For continuous variables only For categorical variables only
Variable 1 name: Age
Mean = 35.2 years
Median = 35 years
Standard deviation = 3.14 years
Variable 1 name: Gender
n (%) for 0 or male = 57 (51.8%)
n (%) for 1 or female = 53 (48.2%)
 
Variable 2 name:
Mean =
Median =
Standard deviation =
Variable 2 name:
n (%)
n (%)
etc.
  Insert additional rows as needed.
Don’t know how to insert rows in Word? Read this: Add a cell, row, or column to a table (microsoft.com)

 

  1. The table above is NOT how results should actually be presented. They are just the results from your calculations. In reality, your descriptive statistics results should be filled into a “Table 1” that is professionally formatted.
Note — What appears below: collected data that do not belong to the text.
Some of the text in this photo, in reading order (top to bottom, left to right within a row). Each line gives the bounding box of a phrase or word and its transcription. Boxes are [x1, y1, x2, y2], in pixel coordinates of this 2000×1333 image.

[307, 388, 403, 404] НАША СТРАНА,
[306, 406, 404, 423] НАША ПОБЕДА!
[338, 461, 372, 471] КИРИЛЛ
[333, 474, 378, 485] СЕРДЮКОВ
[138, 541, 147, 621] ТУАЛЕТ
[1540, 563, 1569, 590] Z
(2 points) Using the template provided below, complete the Table 1 with the appropriate category names and the data that you have calculated above. The information for age and gender have been provided as examples. (Note: If there are extra rows that you don’t need, remember to delete the blank rows appropriately.)
 
Table 1. Demographics and participant characteristics of 110 adults in cross-sectional survey to examine the effects of yoga and sleep patterns on stress.
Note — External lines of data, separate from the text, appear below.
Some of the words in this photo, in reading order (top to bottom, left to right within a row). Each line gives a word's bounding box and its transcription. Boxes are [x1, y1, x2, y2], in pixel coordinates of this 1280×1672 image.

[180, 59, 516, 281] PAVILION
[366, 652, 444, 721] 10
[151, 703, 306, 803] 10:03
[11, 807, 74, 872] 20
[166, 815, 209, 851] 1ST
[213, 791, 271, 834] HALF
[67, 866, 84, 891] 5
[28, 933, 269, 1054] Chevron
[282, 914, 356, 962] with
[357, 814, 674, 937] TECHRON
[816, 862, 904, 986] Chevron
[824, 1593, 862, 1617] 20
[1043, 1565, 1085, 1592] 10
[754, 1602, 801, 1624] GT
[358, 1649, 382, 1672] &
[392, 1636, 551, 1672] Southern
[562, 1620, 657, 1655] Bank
Demographics and characteristics Mean (SD) or n (%)
Age in years 35.2 (3.14)
Gender  
Male 57 (51.8%)
Female 53 (48.2%)
Race/ethnicity  
   
   
   
   
   
Education level  
   
   
   
   
   
BMI  
   
Stress  
   
   
   
Yoga  
   
   
   
   
   
Sleep  
   
   
   
   

Footnote: SD=standard deviation
 

  1. (2 points) Using Excel, draw 2 bar graphs, one to show the frequency distribution of yoga and another the frequency distribution of sleep. Format each of your graph so that it has the appropriate x-axis labels (not just 0, 1, 2, etc.) as well as an appropriate title.
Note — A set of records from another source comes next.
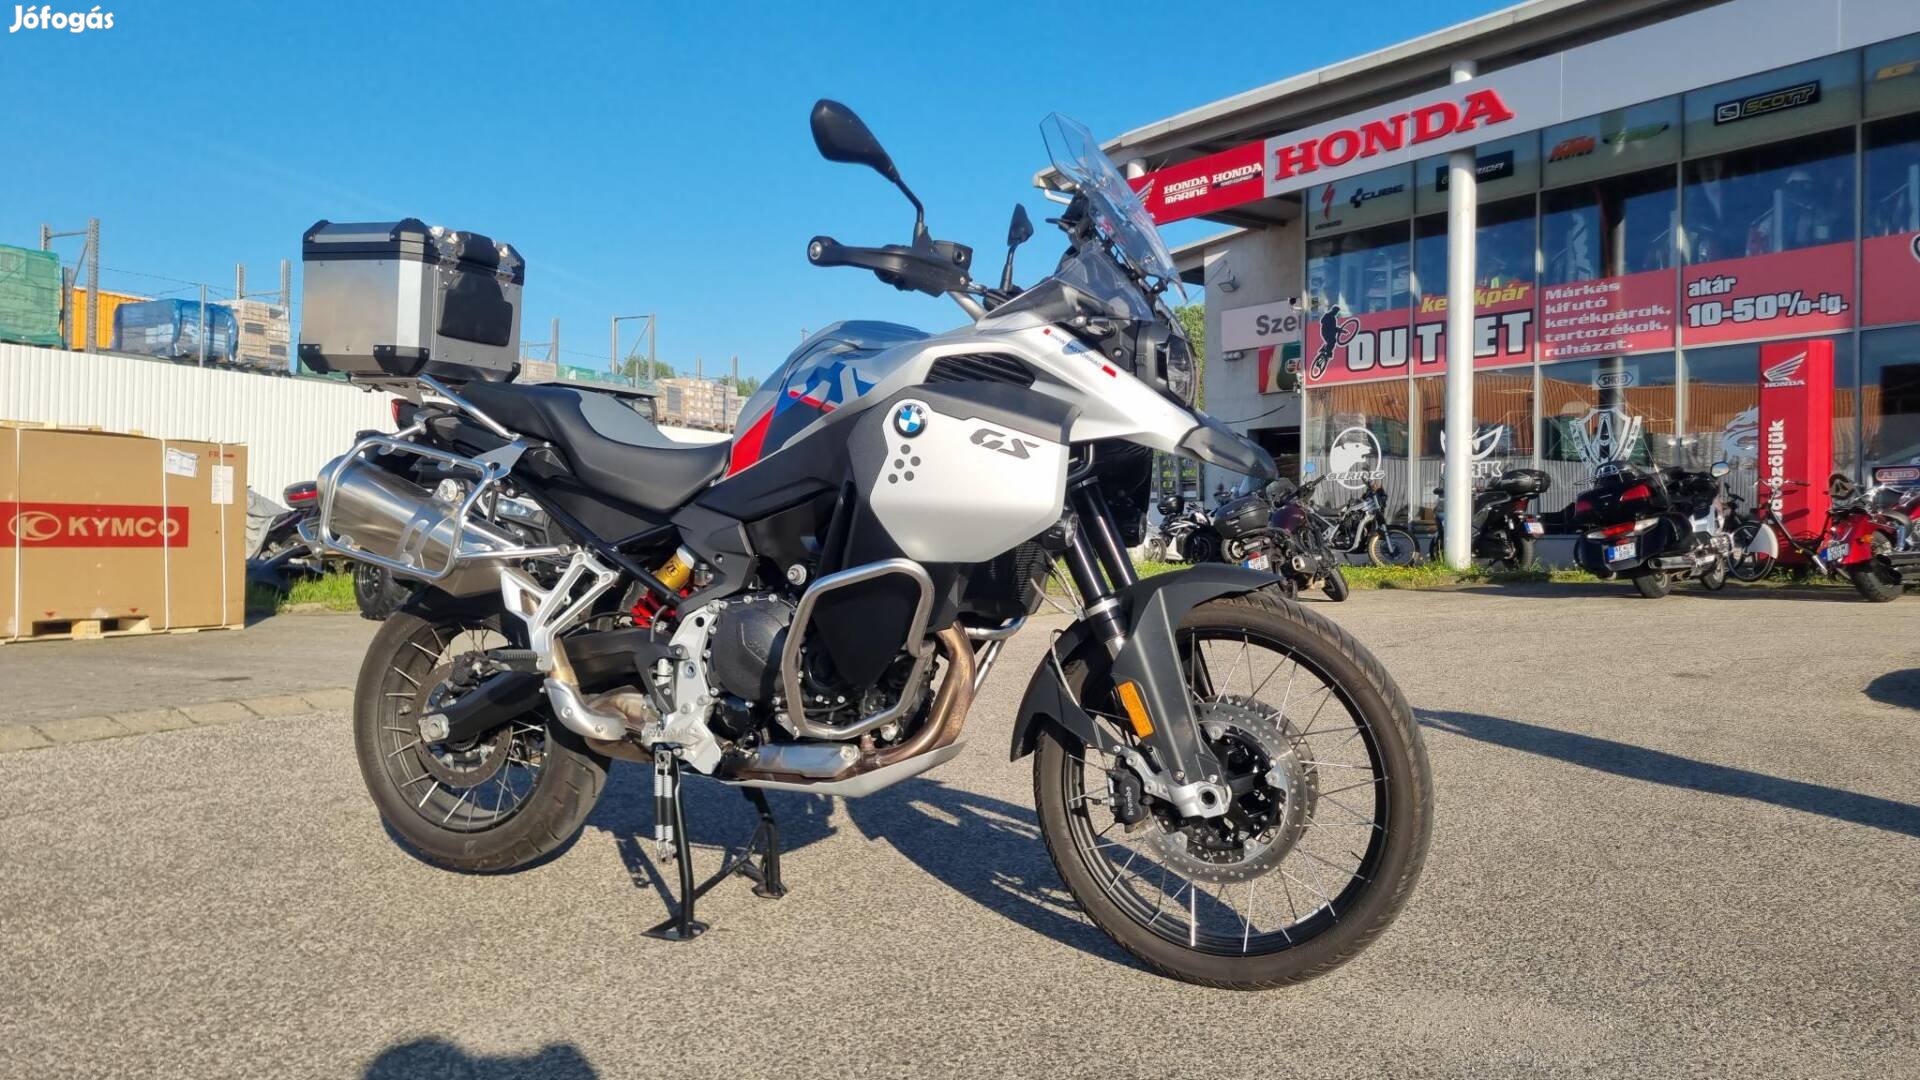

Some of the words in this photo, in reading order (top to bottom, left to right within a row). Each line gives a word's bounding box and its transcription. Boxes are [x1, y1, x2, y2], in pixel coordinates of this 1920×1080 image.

[1745, 85, 1816, 115] SCOTT
[1275, 88, 1515, 181] HONDA
[1211, 162, 1263, 184] HONDA
[1163, 176, 1209, 195] HONDA
[1164, 187, 1208, 205] MARINE
[1545, 281, 1621, 300] Márkás
[1687, 275, 1737, 297] akár
[1545, 298, 1608, 315] kifutó
[1545, 304, 1671, 329] kerékpárok,
[1687, 290, 1849, 328] 10-50%-ig.
[1347, 310, 1531, 371] OUTET
[1544, 320, 1669, 343] tartozékok,
[1544, 339, 1633, 357] ruházat.
[969, 428, 1040, 460] GS
[1326, 470, 1385, 481] BERING
[68, 516, 180, 538] KYMCO
[1125, 786, 1135, 816] brembo
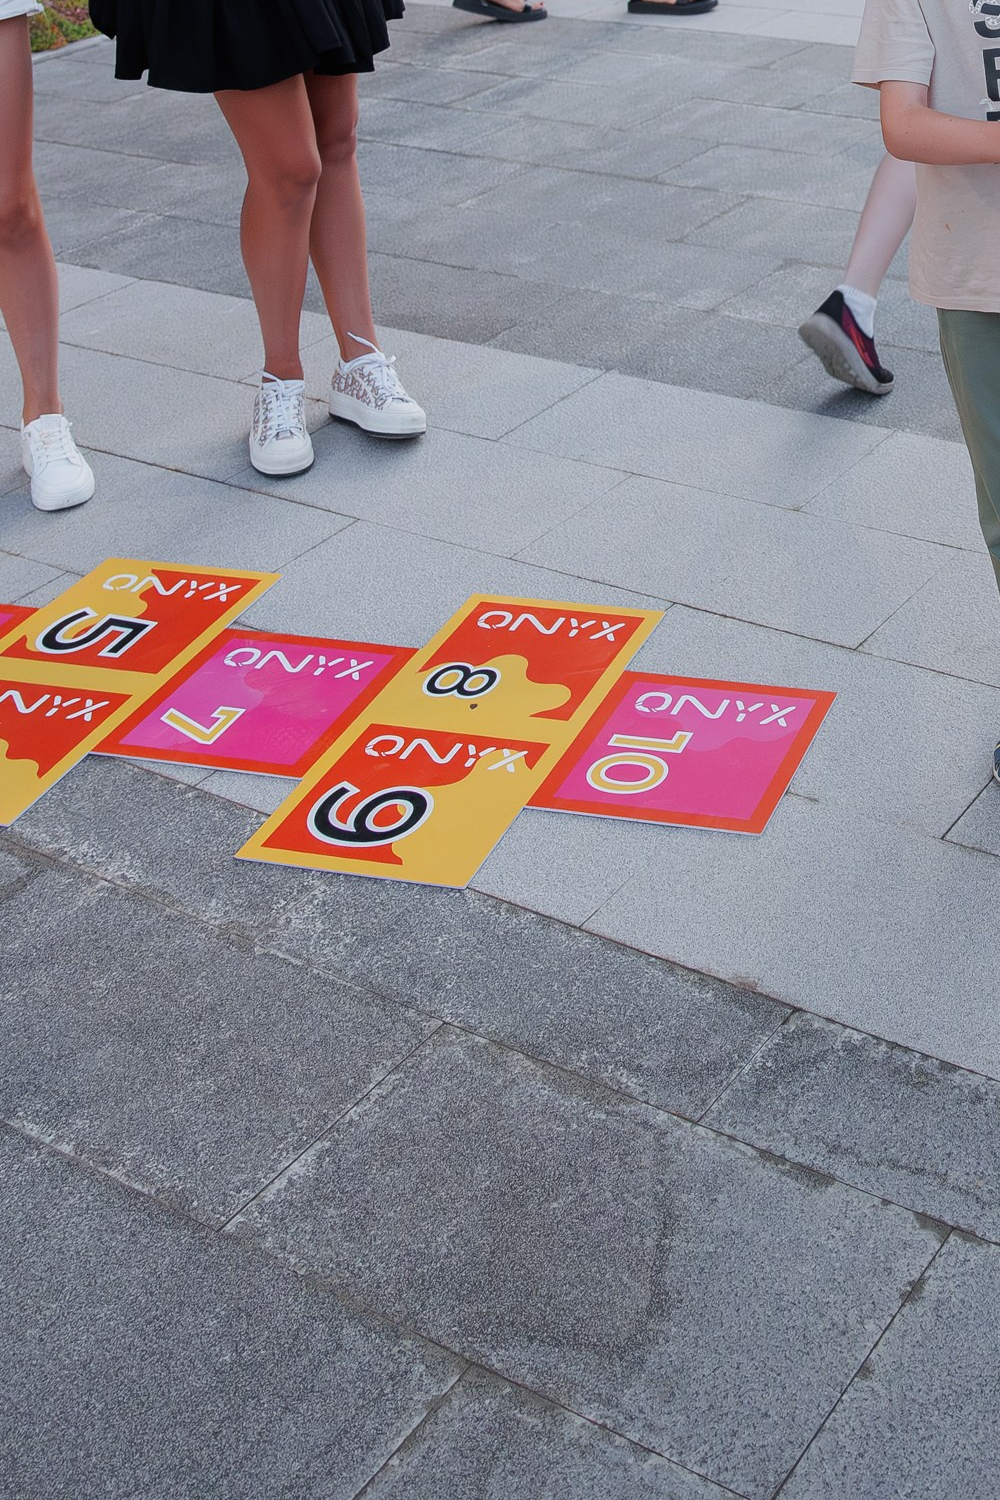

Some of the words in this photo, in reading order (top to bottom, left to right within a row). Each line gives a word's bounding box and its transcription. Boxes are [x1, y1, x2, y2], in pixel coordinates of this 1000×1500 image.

[102, 573, 242, 602] ONYX
[35, 606, 158, 658] 5
[476, 609, 626, 642] ONYX
[224, 647, 374, 681] ONYX
[421, 661, 502, 700] 8
[0, 689, 110, 722] NYX
[634, 691, 797, 728] ONYX
[159, 705, 247, 746] 7
[364, 734, 529, 773] ONYX
[586, 730, 695, 795] 10
Hint #1: The Excel function to use is “Insert > PivotChart”.
Hint #2: Your graphs should look like the sample below:
 
Paste your two bar graphs below. Make sure to give each graph an appropriate title, and label all your x-axis categories.
 
 
Part 3: Let’s run some inferential statistics
Problem 1 (2 points) – Say you want to know whether there is a statistically significant difference between males and females when it comes to their BMI levels.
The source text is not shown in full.